> **Brief**:
Nothing other than an exact copy of the records should be returned.

-- Information given follows --

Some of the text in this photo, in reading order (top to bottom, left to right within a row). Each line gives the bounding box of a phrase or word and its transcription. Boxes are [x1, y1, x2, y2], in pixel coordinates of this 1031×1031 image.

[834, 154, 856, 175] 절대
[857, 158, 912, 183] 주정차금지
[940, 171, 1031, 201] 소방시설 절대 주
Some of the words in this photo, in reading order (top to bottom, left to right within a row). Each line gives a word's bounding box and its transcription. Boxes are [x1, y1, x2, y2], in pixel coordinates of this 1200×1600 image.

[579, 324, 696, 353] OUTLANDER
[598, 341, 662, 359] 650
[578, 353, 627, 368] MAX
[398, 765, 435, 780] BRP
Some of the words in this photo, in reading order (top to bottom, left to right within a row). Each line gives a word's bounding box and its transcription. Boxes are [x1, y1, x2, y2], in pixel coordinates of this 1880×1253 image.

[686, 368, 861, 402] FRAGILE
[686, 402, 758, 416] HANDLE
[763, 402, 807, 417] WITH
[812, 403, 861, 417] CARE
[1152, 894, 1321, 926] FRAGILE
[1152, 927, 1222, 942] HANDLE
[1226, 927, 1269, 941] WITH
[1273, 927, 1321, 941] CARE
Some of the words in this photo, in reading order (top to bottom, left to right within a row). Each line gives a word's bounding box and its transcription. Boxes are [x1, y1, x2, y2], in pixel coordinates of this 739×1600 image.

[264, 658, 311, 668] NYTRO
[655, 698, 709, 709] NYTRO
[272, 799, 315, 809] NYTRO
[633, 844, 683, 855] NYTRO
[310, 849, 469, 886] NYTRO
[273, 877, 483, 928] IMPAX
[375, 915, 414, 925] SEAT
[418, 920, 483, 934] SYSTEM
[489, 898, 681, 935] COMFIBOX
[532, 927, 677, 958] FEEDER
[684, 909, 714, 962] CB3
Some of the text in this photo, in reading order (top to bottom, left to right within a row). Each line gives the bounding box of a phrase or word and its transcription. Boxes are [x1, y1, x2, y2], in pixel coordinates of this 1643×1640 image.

-- Information given concluded --

> **Task answer**:
Some of the text in this photo, in reading order (top to bottom, left to right within a row). Each line gives the bounding box of a phrase or word and its transcription. Boxes are [x1, y1, x2, y2], in pixel coordinates of this 1031×1031 image.

[834, 154, 856, 175] 절대
[857, 158, 912, 183] 주정차금지
[940, 171, 1031, 201] 소방시설 절대 주
Some of the words in this photo, in reading order (top to bottom, left to right within a row). Each line gives a word's bounding box and its transcription. Boxes are [x1, y1, x2, y2], in pixel coordinates of this 1200×1600 image.

[579, 324, 696, 353] OUTLANDER
[598, 341, 662, 359] 650
[578, 353, 627, 368] MAX
[398, 765, 435, 780] BRP
Some of the words in this photo, in reading order (top to bottom, left to right within a row). Each line gives a word's bounding box and its transcription. Boxes are [x1, y1, x2, y2], in pixel coordinates of this 1880×1253 image.

[686, 368, 861, 402] FRAGILE
[686, 402, 758, 416] HANDLE
[763, 402, 807, 417] WITH
[812, 403, 861, 417] CARE
[1152, 894, 1321, 926] FRAGILE
[1152, 927, 1222, 942] HANDLE
[1226, 927, 1269, 941] WITH
[1273, 927, 1321, 941] CARE
Some of the words in this photo, in reading order (top to bottom, left to right within a row). Each line gives a word's bounding box and its transcription. Boxes are [x1, y1, x2, y2], in pixel coordinates of this 739×1600 image.

[264, 658, 311, 668] NYTRO
[655, 698, 709, 709] NYTRO
[272, 799, 315, 809] NYTRO
[633, 844, 683, 855] NYTRO
[310, 849, 469, 886] NYTRO
[273, 877, 483, 928] IMPAX
[375, 915, 414, 925] SEAT
[418, 920, 483, 934] SYSTEM
[489, 898, 681, 935] COMFIBOX
[532, 927, 677, 958] FEEDER
[684, 909, 714, 962] CB3
Some of the text in this photo, in reading order (top to bottom, left to right within a row). Each line gives the bounding box of a phrase or word and its transcription. Boxes are [x1, y1, x2, y2], in pixel coordinates of this 1643×1640 image.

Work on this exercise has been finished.